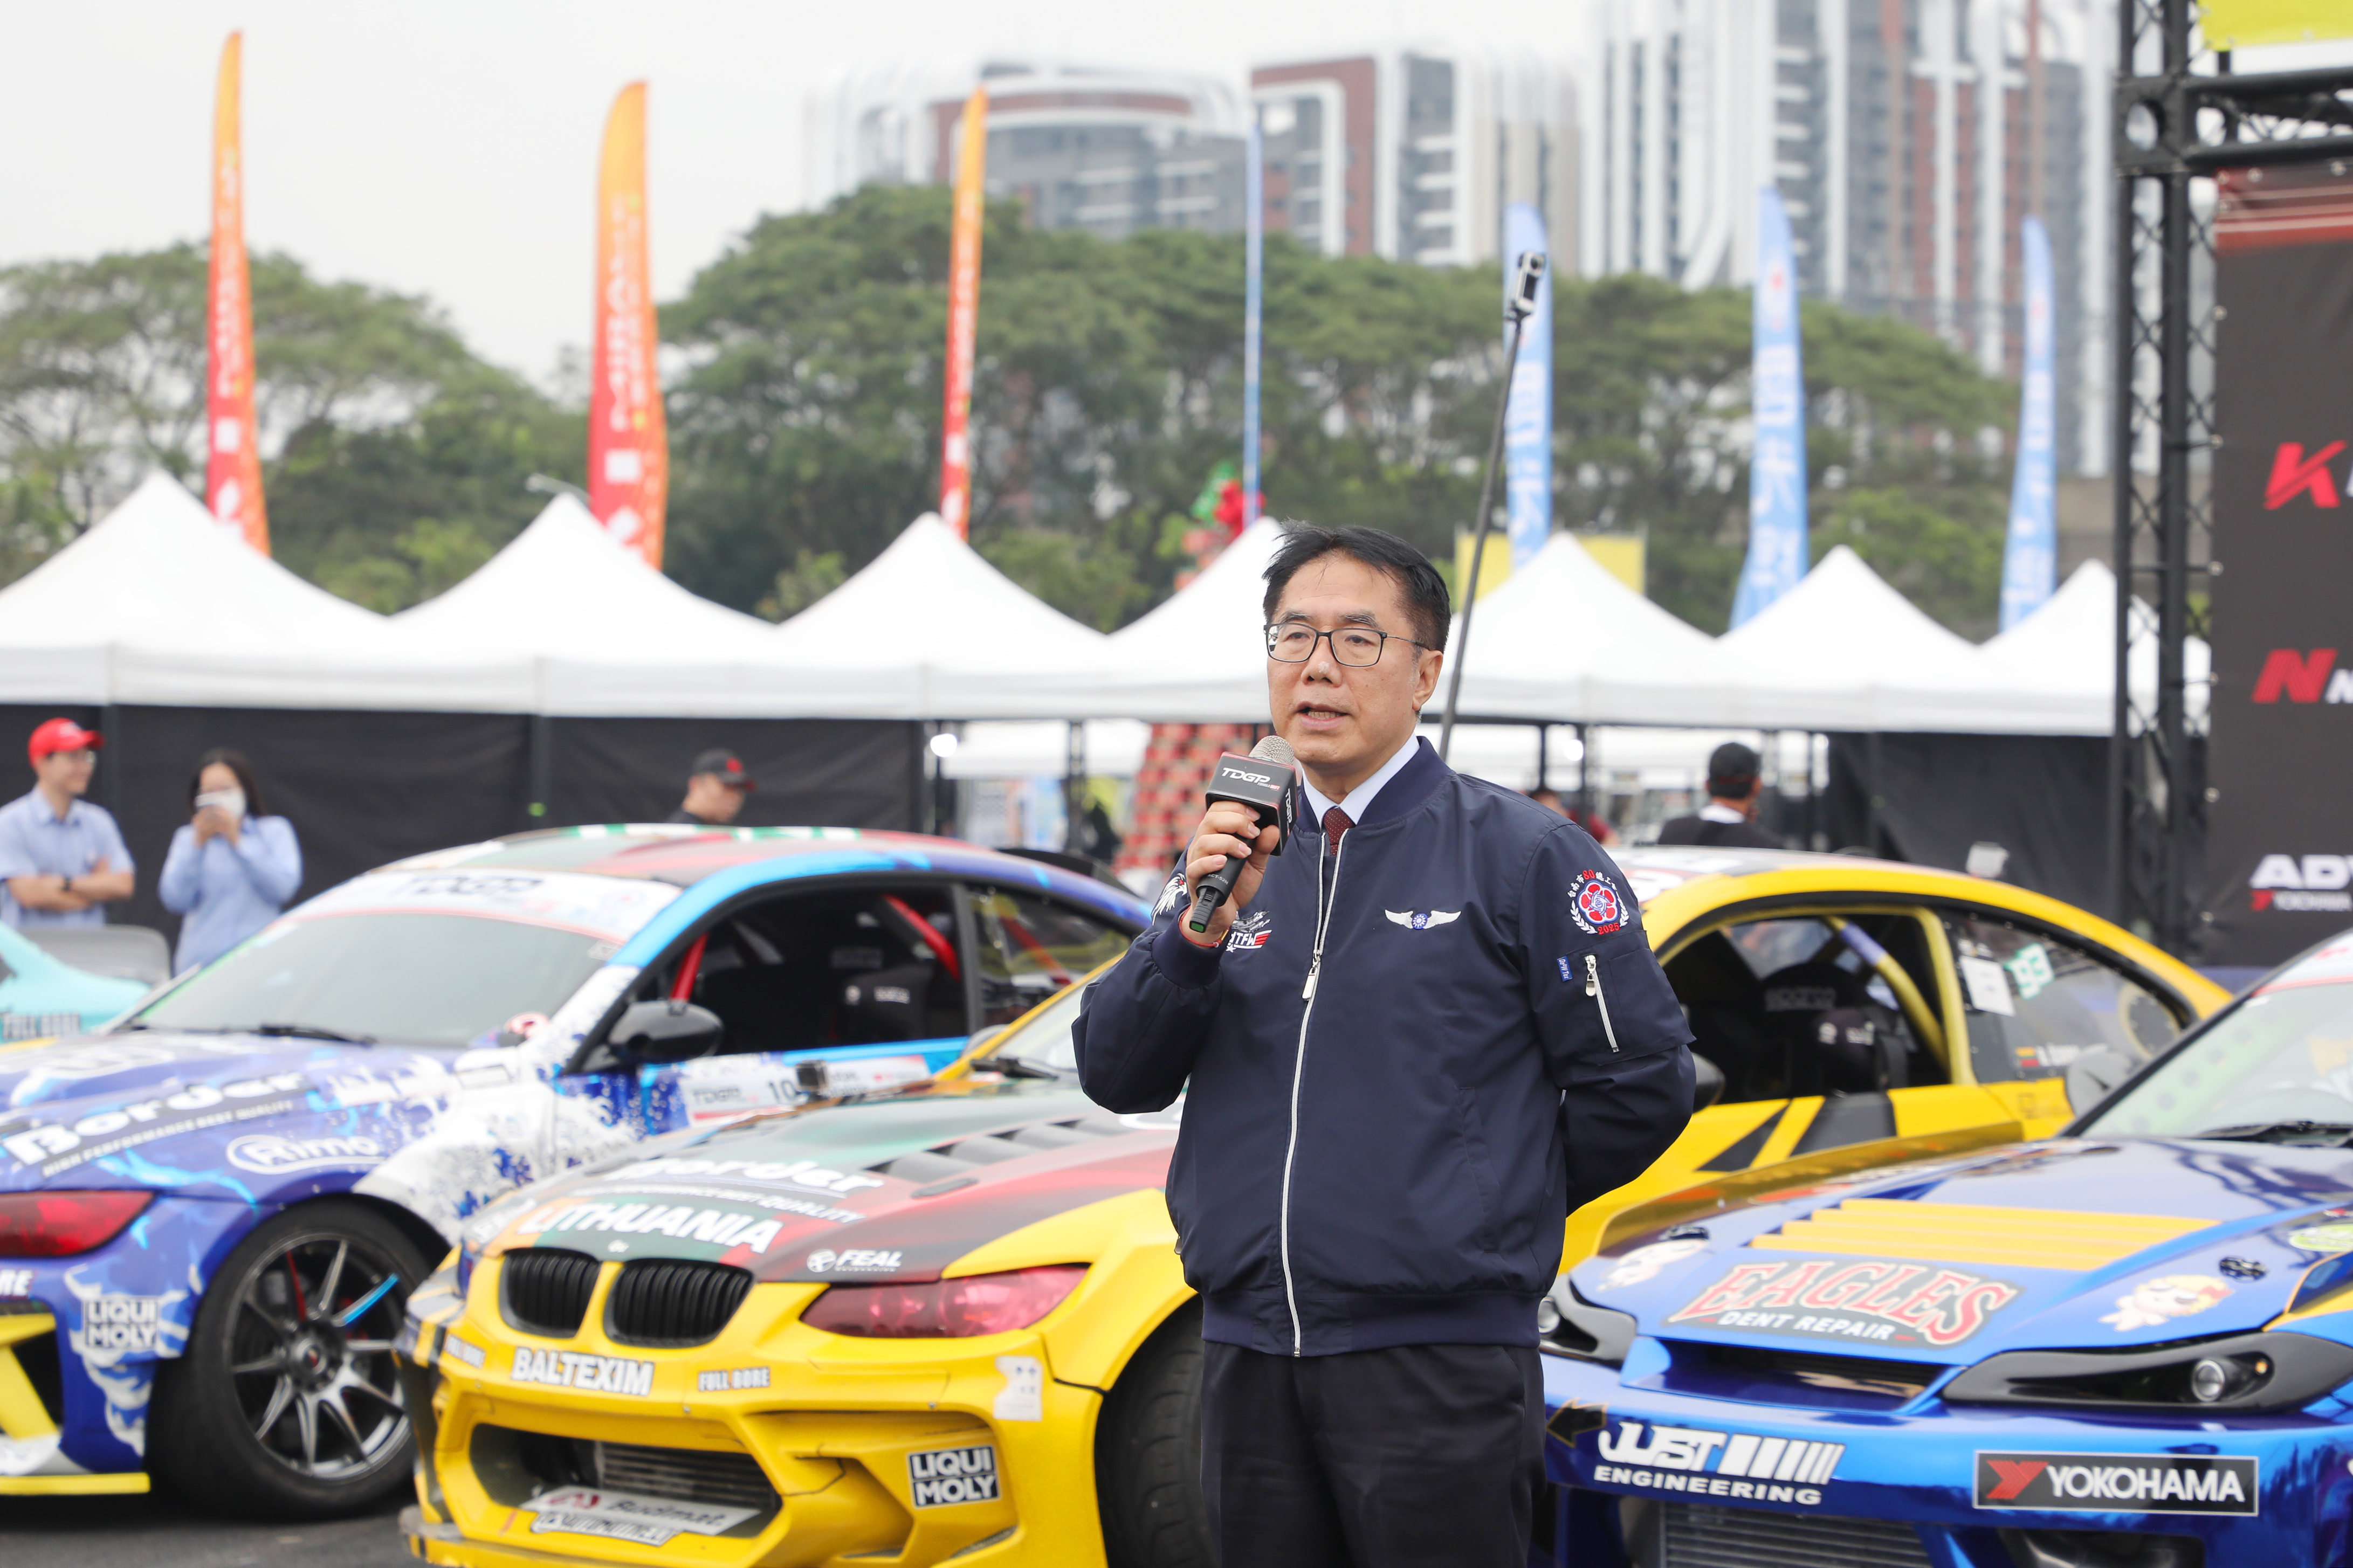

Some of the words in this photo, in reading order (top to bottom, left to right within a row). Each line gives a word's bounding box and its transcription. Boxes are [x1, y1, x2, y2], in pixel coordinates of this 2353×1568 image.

[1222, 768, 1270, 783] TDGP
[1207, 873, 1229, 885] ACT-52H
[2249, 854, 2353, 889] AD
[1598, 923, 1620, 935] 2025
[42, 1153, 83, 1178] HIGH
[83, 1120, 196, 1159] PERFORMANCE
[196, 1109, 233, 1129] BEST
[236, 1099, 294, 1120] QUALITY
[760, 1194, 866, 1223] QUALITY
[517, 1202, 784, 1254] LITHUANIA
[837, 1249, 903, 1268] FEAL
[88, 1299, 157, 1324] LIQUI
[1668, 1260, 2018, 1345] EAGLES
[88, 1324, 157, 1348] MOLY
[1718, 1310, 1793, 1332] DENT
[1794, 1316, 1896, 1341] REPAIR
[511, 1348, 655, 1396] BALTEXIM
[698, 1371, 730, 1392] FULL
[732, 1367, 770, 1389] BORE
[1598, 1421, 1727, 1472] JUST
[912, 1448, 993, 1479] LIQUI
[916, 1475, 996, 1507] MOLY
[1593, 1465, 1822, 1505] ENGINEERING
[2046, 1465, 2245, 1502] YOKOHAMA

__What you need to do__.
Please set down every record exactly as it appears, leaving out the pictures.

__The answer__.
Some of the words in this photo, in reading order (top to bottom, left to right within a row). Each line gives a word's bounding box and its transcription. Boxes are [x1, y1, x2, y2], in pixel coordinates of this 2353×1568 image.

[1222, 768, 1270, 783] TDGP
[1207, 873, 1229, 885] ACT-52H
[2249, 854, 2353, 889] AD
[1598, 923, 1620, 935] 2025
[42, 1153, 83, 1178] HIGH
[83, 1120, 196, 1159] PERFORMANCE
[196, 1109, 233, 1129] BEST
[236, 1099, 294, 1120] QUALITY
[760, 1194, 866, 1223] QUALITY
[517, 1202, 784, 1254] LITHUANIA
[837, 1249, 903, 1268] FEAL
[88, 1299, 157, 1324] LIQUI
[1668, 1260, 2018, 1345] EAGLES
[88, 1324, 157, 1348] MOLY
[1718, 1310, 1793, 1332] DENT
[1794, 1316, 1896, 1341] REPAIR
[511, 1348, 655, 1396] BALTEXIM
[698, 1371, 730, 1392] FULL
[732, 1367, 770, 1389] BORE
[1598, 1421, 1727, 1472] JUST
[912, 1448, 993, 1479] LIQUI
[916, 1475, 996, 1507] MOLY
[1593, 1465, 1822, 1505] ENGINEERING
[2046, 1465, 2245, 1502] YOKOHAMA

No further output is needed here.